Eastern Championship Wrestling (1993) 
In August 1993 Hansen made his Eastern Championship Wrestling (ECW) debut in Philadelphia. His first match he defeated ECW TV Champion Jimmy Snuka by disqualification. Hansen's last ECW appearance was at ECW UltraClash 1993 pay-per-view where he teamed with Terry Funk defeating Abdullah the Butcher and Kevin Sullivan by disqualification.

Return to AJPW (1991–2001) 
Upon his return to AJPW, Hansen began a major feud with Mitsuharu Misawa, during which time they traded the Triple Crown Championship between one another.
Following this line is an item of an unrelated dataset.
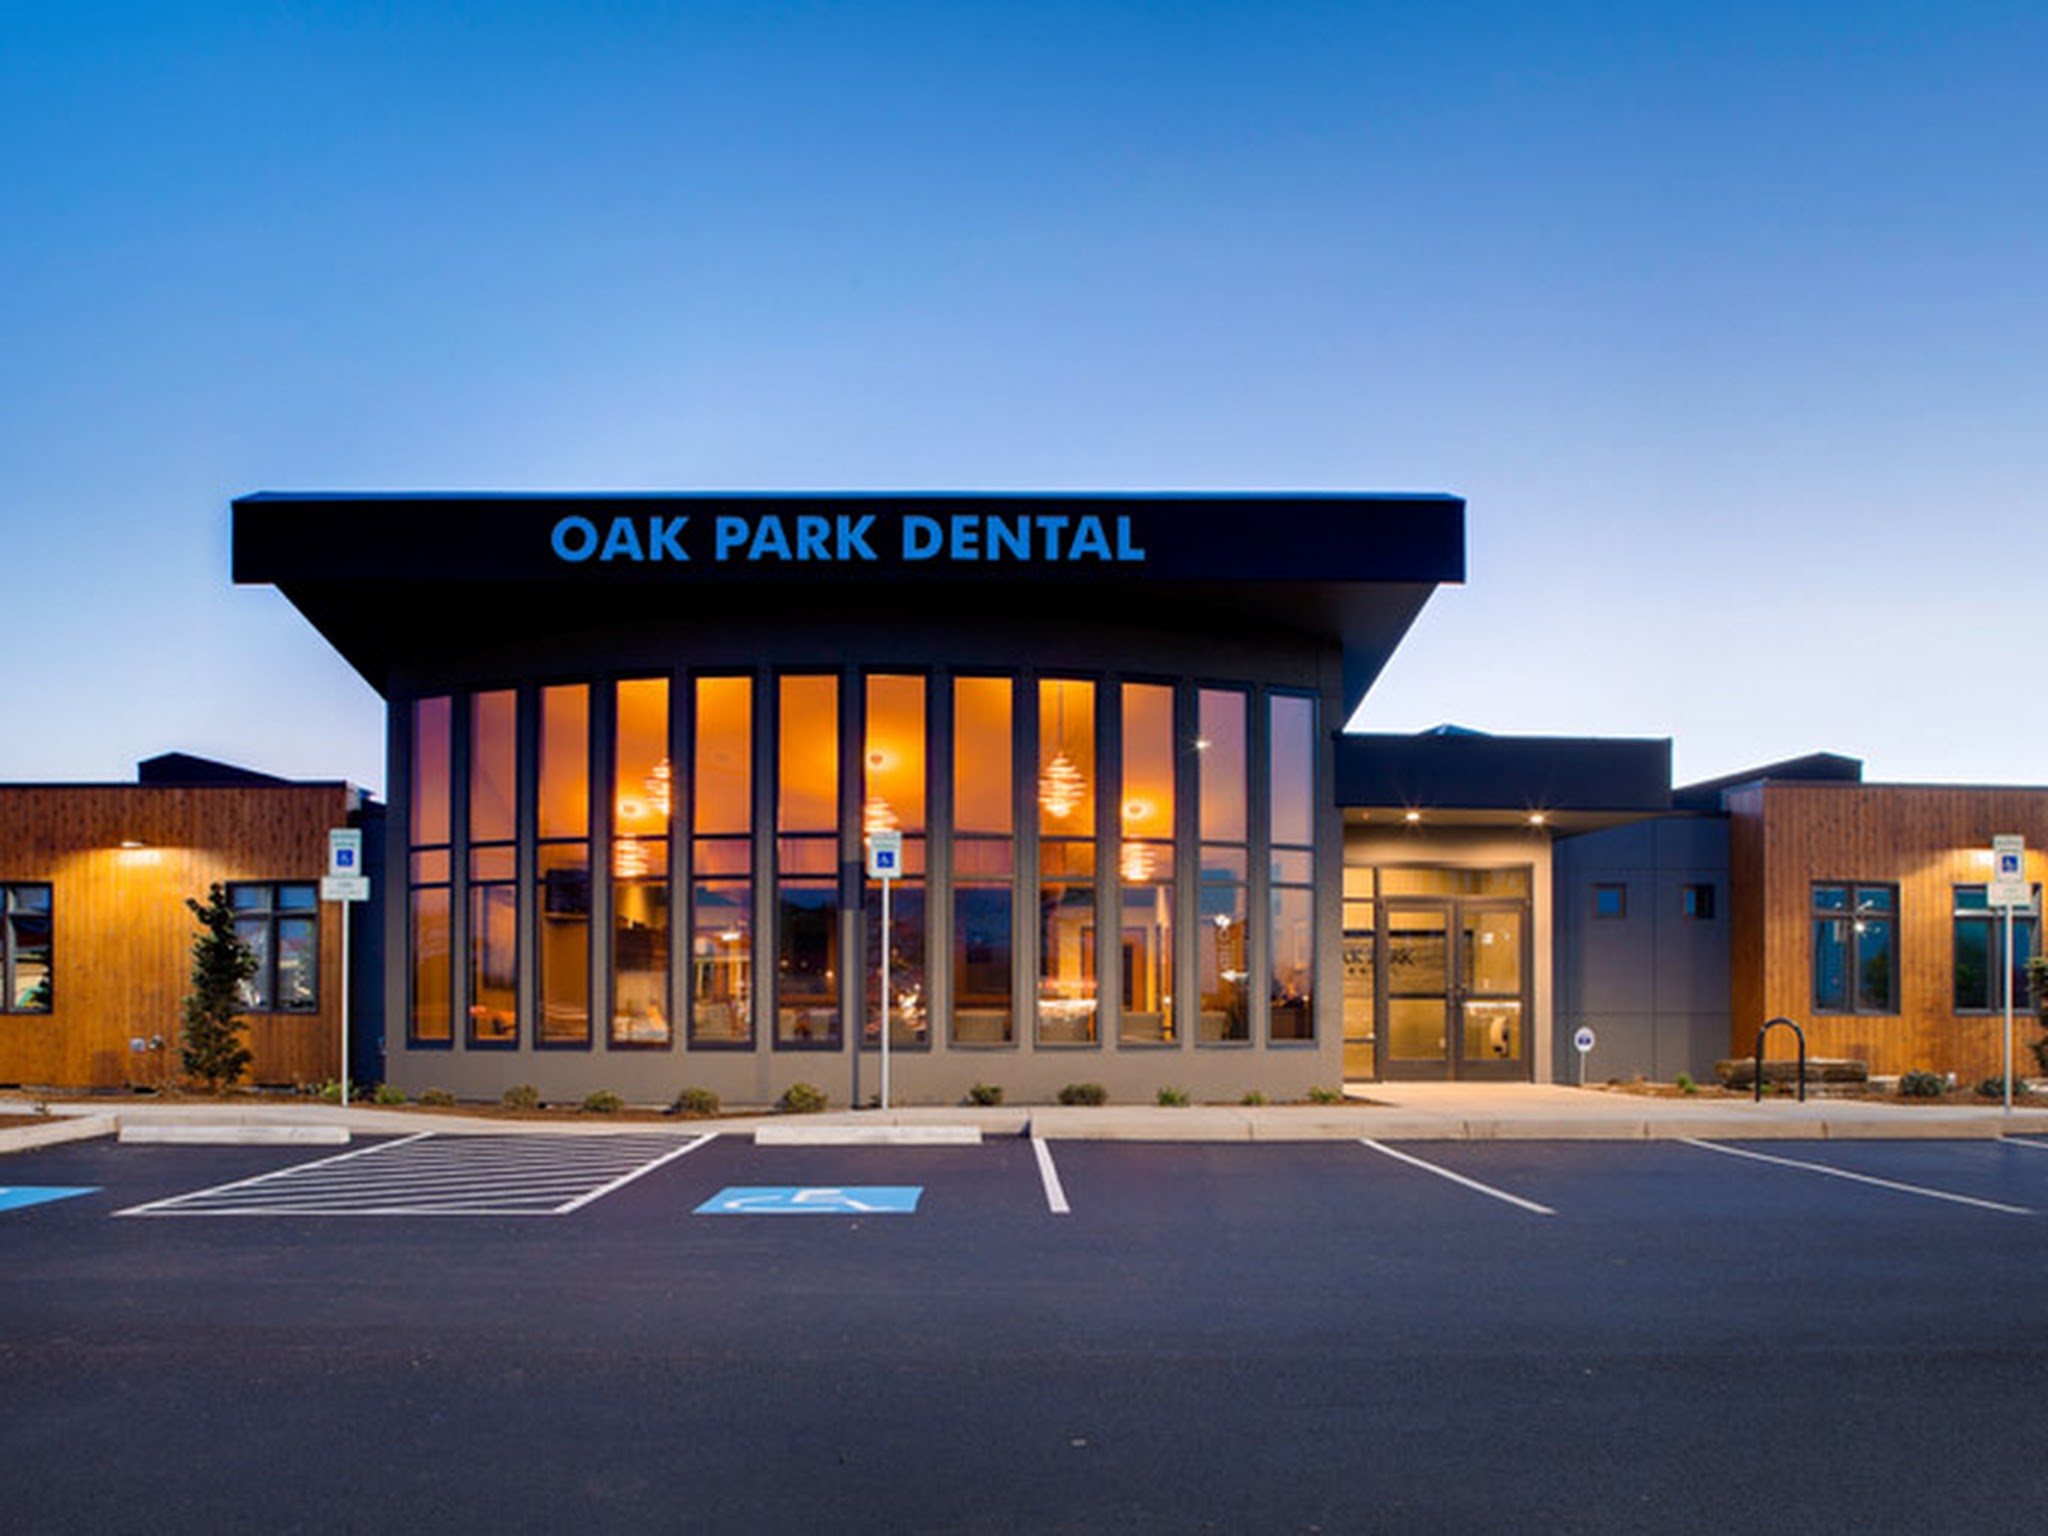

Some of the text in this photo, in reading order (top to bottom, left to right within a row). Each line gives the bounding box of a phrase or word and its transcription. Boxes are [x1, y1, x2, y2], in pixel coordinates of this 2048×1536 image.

[550, 514, 1145, 562] OAK PARK DENTAL
Following Giant Baba's death, Misawa became the new booker and quickly began de-emphasizing Hansen and other foreign talent, in favor of new native recruits such as Takao Omori and Yoshihiro Takayama.

In 2000, Misawa and all but two natives defected from the promotion and formed Pro Wrestling Noah (NOAH), although Hansen chose to remain loyal to AJPW instead of joining the talent exodus. Despite remaining with AJPW, Hansen's ongoing lumbago at the time began to worsen, which ultimately lead him to wrestle his final singles match on October 21, 2000, as part of a tournament for the vacant Triple Crown Heavyweight Championship. Hansen lost the semi-final match to old partner Genichiro Tenryu, who went on to win the tournament and the title. His last match altogether was a six-man bout on the 28th, in which he, Steve Williams and Wolf Hawkfield lost to Johnny Smith, Yoshiaki Fujiwara and Masanobu Fuchi.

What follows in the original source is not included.